Trotz der engen wirtschaftlichen und politischen Bindung Moldaus an die EU und ihre Staaten, hat die Befürchtung des Nato-Oberbefehlshabers einen ernstzunehmenden Kern - und dieser liegt in der aktuellen Situation in der Region Transnistrien.

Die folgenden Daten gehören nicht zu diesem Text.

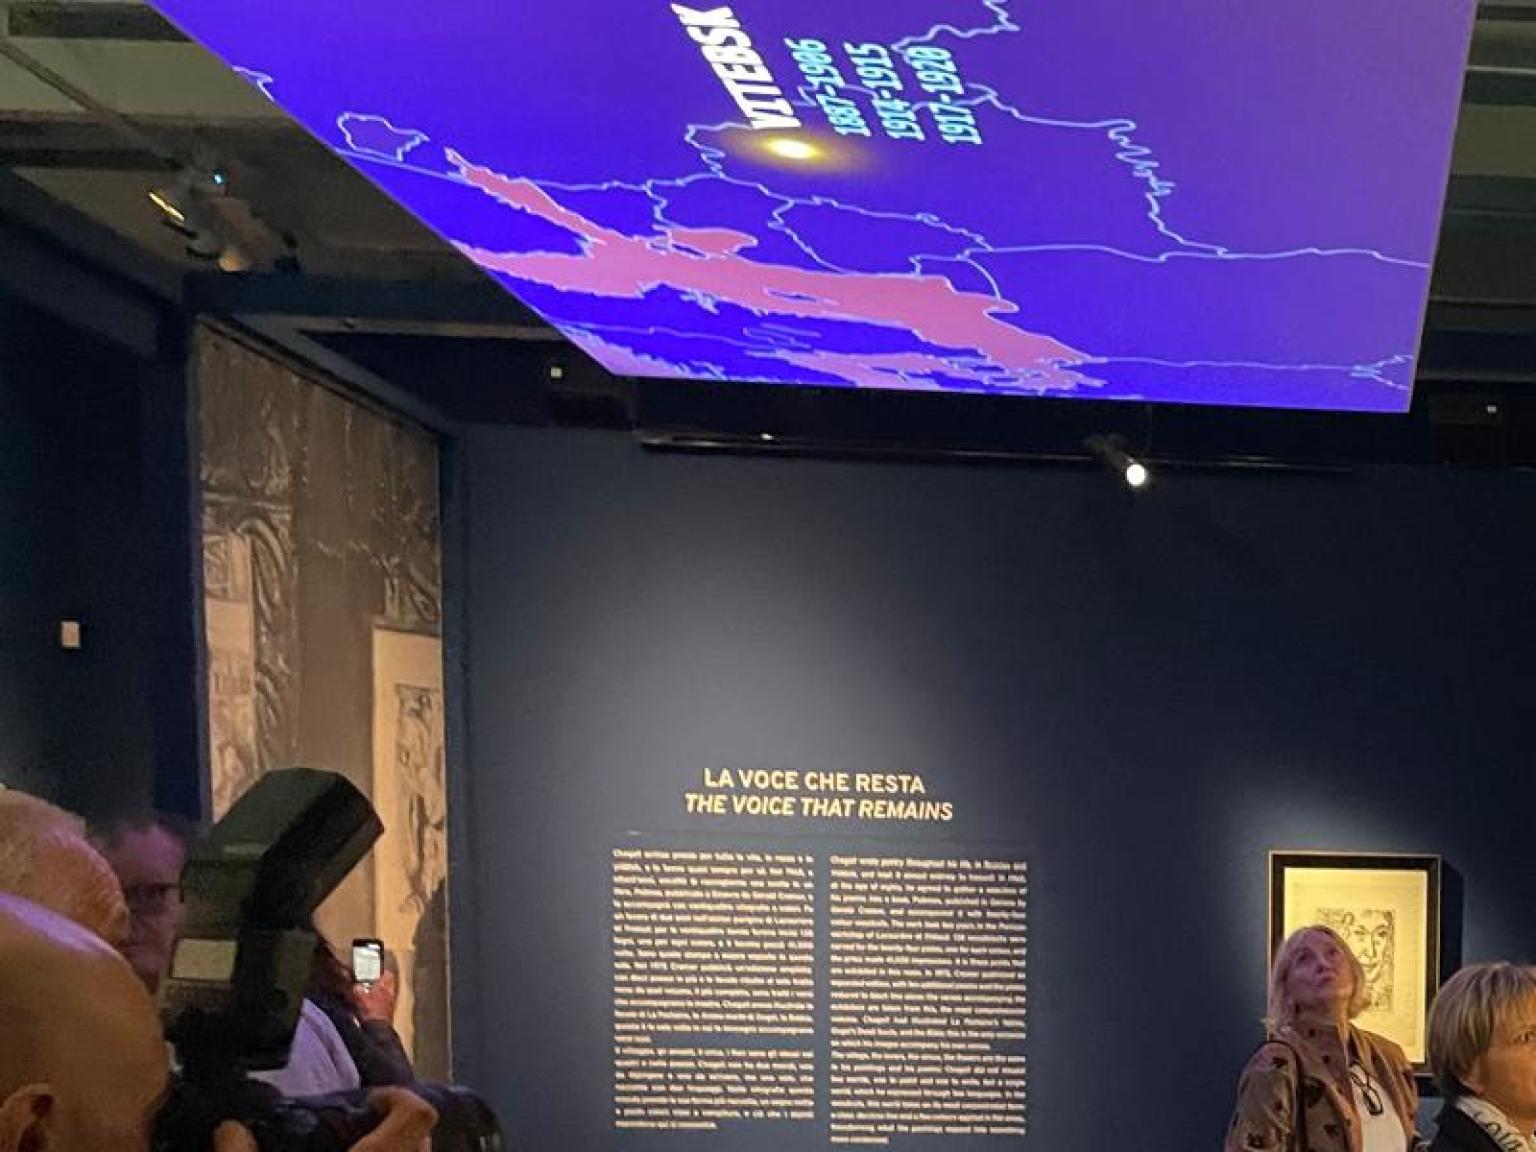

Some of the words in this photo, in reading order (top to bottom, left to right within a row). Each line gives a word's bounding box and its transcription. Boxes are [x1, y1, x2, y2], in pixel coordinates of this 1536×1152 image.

[670, 2, 801, 129] VITEBSK
[843, 41, 925, 140] 1914-1915
[905, 45, 983, 144] 1917-1920
[685, 792, 727, 814] THE
[732, 795, 796, 816] VOICE
[800, 797, 855, 818] THAT
[858, 799, 953, 822] REMAINS
[704, 768, 734, 788] LA
[738, 769, 799, 790] VOCE
[804, 771, 849, 792] CHE
[855, 773, 926, 795] RESTA
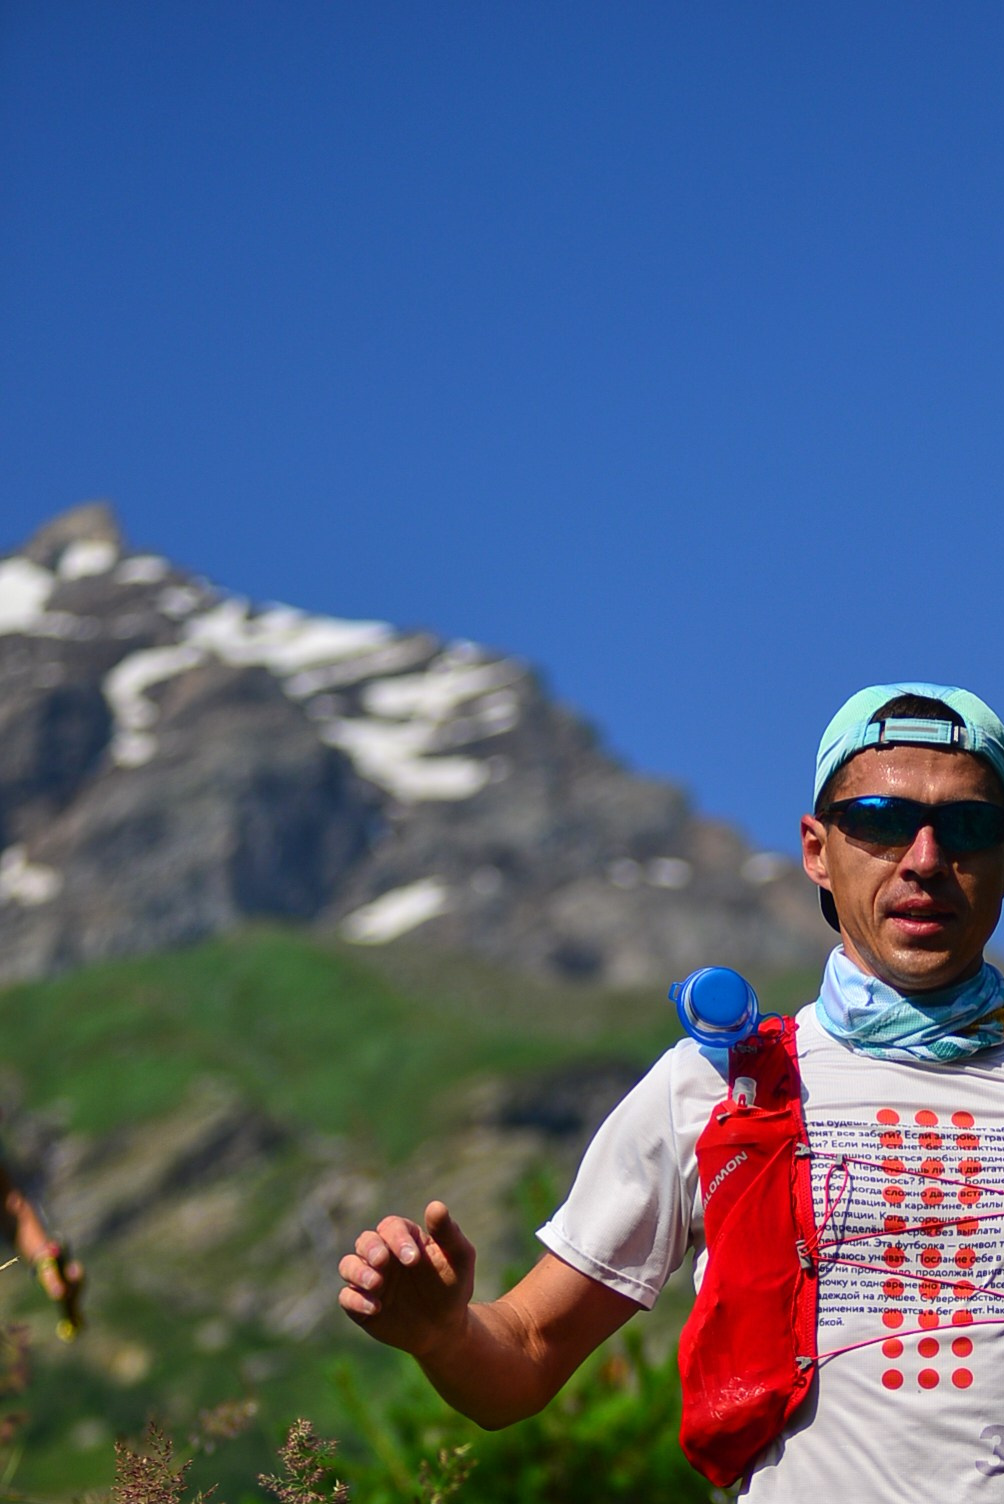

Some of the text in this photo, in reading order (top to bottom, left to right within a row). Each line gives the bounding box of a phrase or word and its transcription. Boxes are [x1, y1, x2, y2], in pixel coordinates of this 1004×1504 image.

[904, 1130, 932, 1140] Если
[934, 1132, 982, 1142] закроют
[831, 1139, 859, 1149] Если
[861, 1141, 884, 1151] мир
[885, 1143, 923, 1151] станет
[874, 1153, 923, 1162] касаться
[925, 1154, 964, 1163] любых
[830, 1174, 915, 1186] осановилось?
[918, 1176, 926, 1186] Я
[885, 1188, 927, 1198] сложно
[929, 1189, 957, 1199] даже
[889, 1201, 903, 1209] на
[904, 1201, 965, 1212] карантине,
[975, 1201, 1003, 1210] силы
[879, 1210, 910, 1223] Когда
[936, 1226, 954, 1237] без
[956, 1226, 1002, 1237] выплаты
[873, 1237, 893, 1249] Эта
[894, 1239, 945, 1252] футболка
[958, 1240, 998, 1250] символ
[915, 1253, 968, 1264] Послание
[969, 1252, 995, 1264] себе
[835, 1265, 849, 1274] ни
[915, 1267, 974, 1278] продолжай
[860, 1279, 938, 1291] одновременно
[862, 1293, 875, 1301] на
[877, 1293, 918, 1304] лучшее.
[920, 1293, 928, 1303] С
[867, 1306, 927, 1318] закончатся,
[935, 1306, 953, 1316] бег
[965, 1307, 986, 1316] нет.

Das Gebiet Transnistrien gehört völkerrechtlich zur Republik Moldau, verwaltet sich aber de facto seit Anfang der 1990er Jahre selbst. Transnistrien besitzt eine eigene Regierung, Verwaltung und eine eigene Währung. 1990 spaltete sich die Region im Zuge der Auflösung der Sowjetunion von Moldau ab.Der Großteil der etwa 500.000 Einwohner Transnistriens ist russischsprachig. Seit mehr als 20 Jahren sind dort russische Truppen stationiert. Moskau unterstützt den knapp 34.000 Quadratkilometer großen, schmalen Landstreifen östlich des Dnjestr-Flusses seit Jahrzehnten auch wirtschaftlich und politisch. Eine von Russland aus gesteuerte Kampagne könnte aber auch die restlichen in Moldau lebenden Russen treffen. Einer Statistik der moldawischen Regierung zufolge, stammen neun Prozent der Bevölkerung der Republik Moldau aus Russland.

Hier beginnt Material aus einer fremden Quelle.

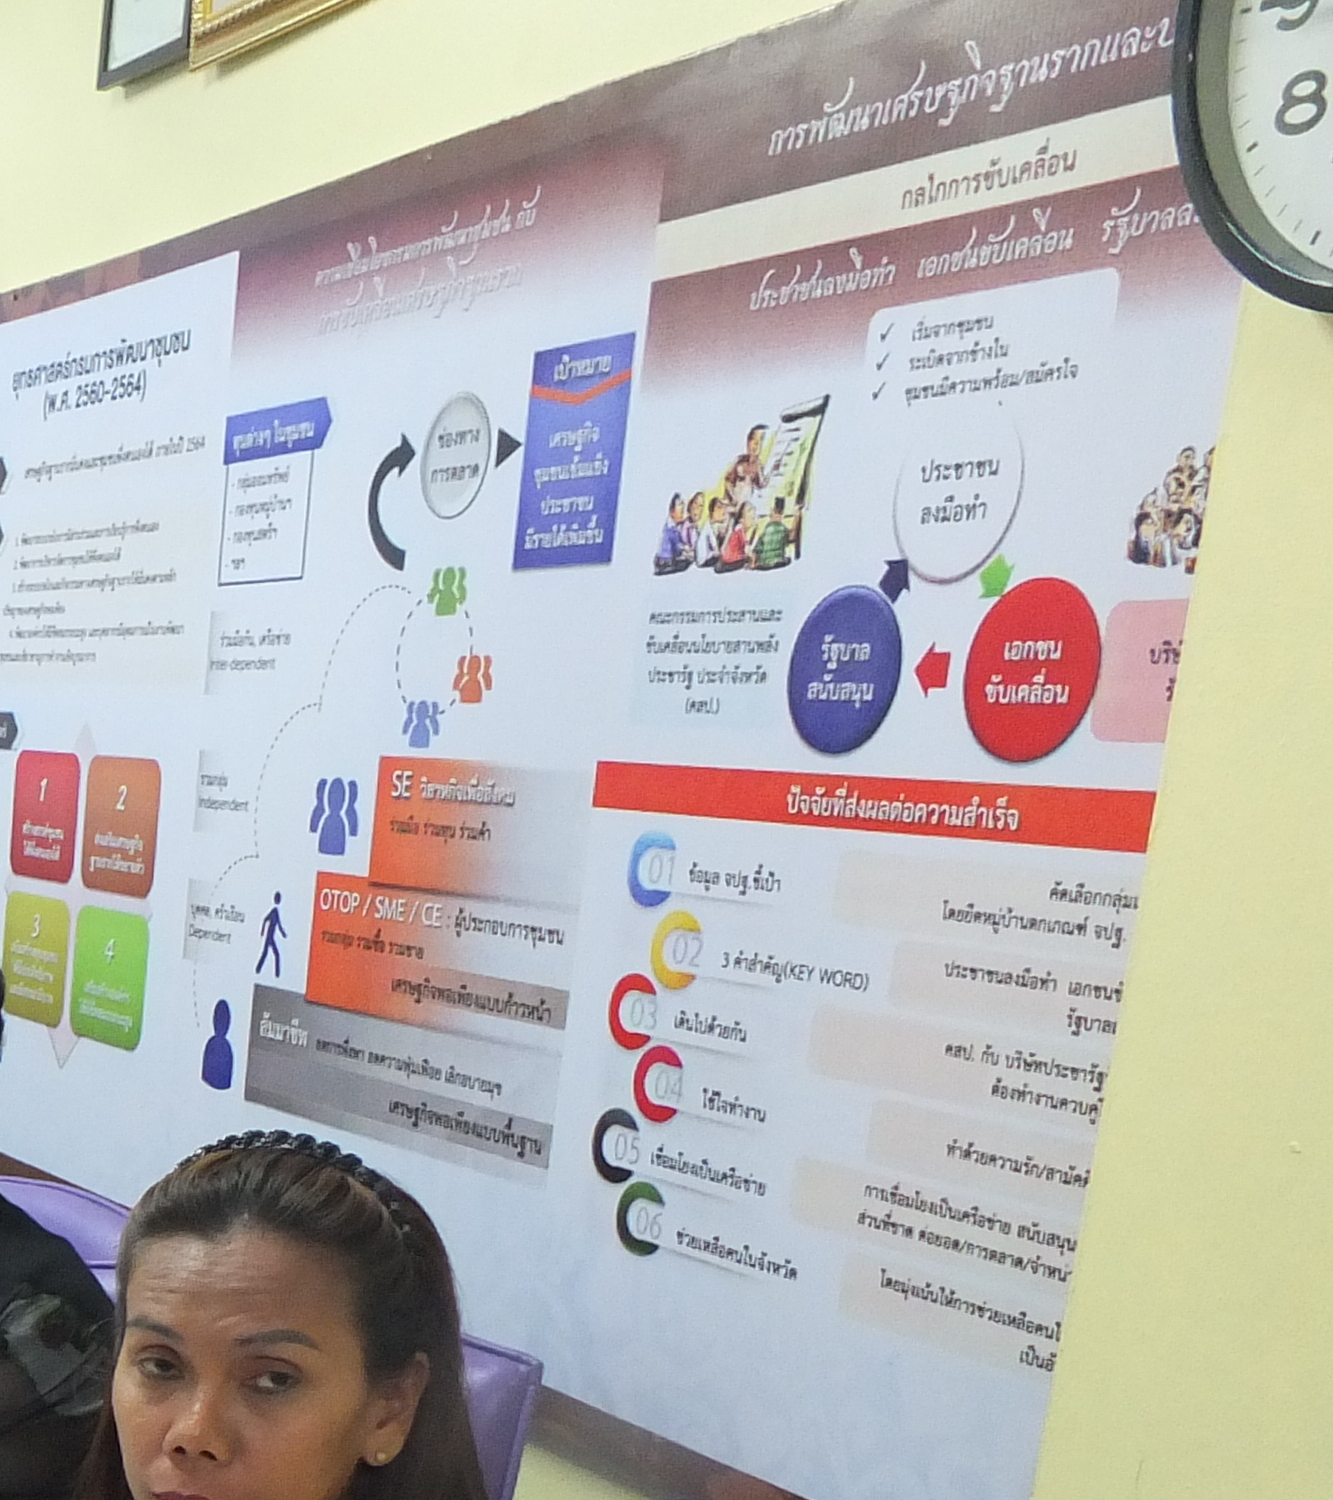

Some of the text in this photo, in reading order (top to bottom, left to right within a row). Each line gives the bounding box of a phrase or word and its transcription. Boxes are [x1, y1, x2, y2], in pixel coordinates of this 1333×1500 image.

[1274, 69, 1327, 136] 8
[900, 141, 1078, 210] กลไกการขับเคลื่อน
[437, 425, 481, 449] ช่องทาง
[921, 458, 1001, 484] ประชาชน
[920, 493, 988, 525] ลงมือทำ
[820, 633, 873, 671] รัฐบาล
[1003, 639, 1064, 662] เอกชน
[806, 674, 876, 708] สนับสนุน
[984, 668, 1071, 705] ขับเคลื่อน
[38, 777, 49, 802] 1
[115, 784, 129, 811] 2
[390, 769, 414, 798] SE
[786, 781, 1021, 831] ปัจจัยที่ส่งผลต่อความสำเร็จ
[648, 853, 676, 885] 01
[319, 888, 361, 914] OTOP
[374, 895, 407, 922] SME
[421, 903, 443, 928] CE
[30, 914, 42, 938] 3
[103, 938, 117, 965] 4
[672, 936, 704, 968] 02
[720, 951, 731, 969] 3
[630, 997, 658, 1031] 03
[980, 1044, 1000, 1066] กับ
[654, 1068, 684, 1103] 04
[614, 1132, 641, 1166] 05
[635, 1206, 663, 1240] 06

Dass es durchaus Rückhalt für einen pro-russischen Kurs in der Republik Moldau gibt, hat die vergangene Parlamentswahl gezeigt. Das EU-freundliche Lager kam auf rund 45 Prozent der Stimmen, die Moskau zugewandte Opposition auf etwa 40 Prozent.

Die Warnung von Philip Breedlove, dem Nato-Oberbefehlshaber, zielt auch darauf ab, dass durch eine aggressive russische Politik ein zweiter Transnistrien-Konflikt aufbrechen konnte. 1992 begannen offene Kampfhandlungen zwischen Moldau und dem um seine Souveränität kämpfenden Transnistrien. Dabei unterstützten russische Verbände die transnistrischen Einheiten, auf moldauischer Seite kämpften zahlreiche rumänische Freiwillige. Nach viereinhalb Monaten und hunderten Toten setzte Russland einen Waffenstillstand durch. Dieser wird seither von einer Truppe aus russischen, moldauischen und transnistrischen Soldaten überwacht.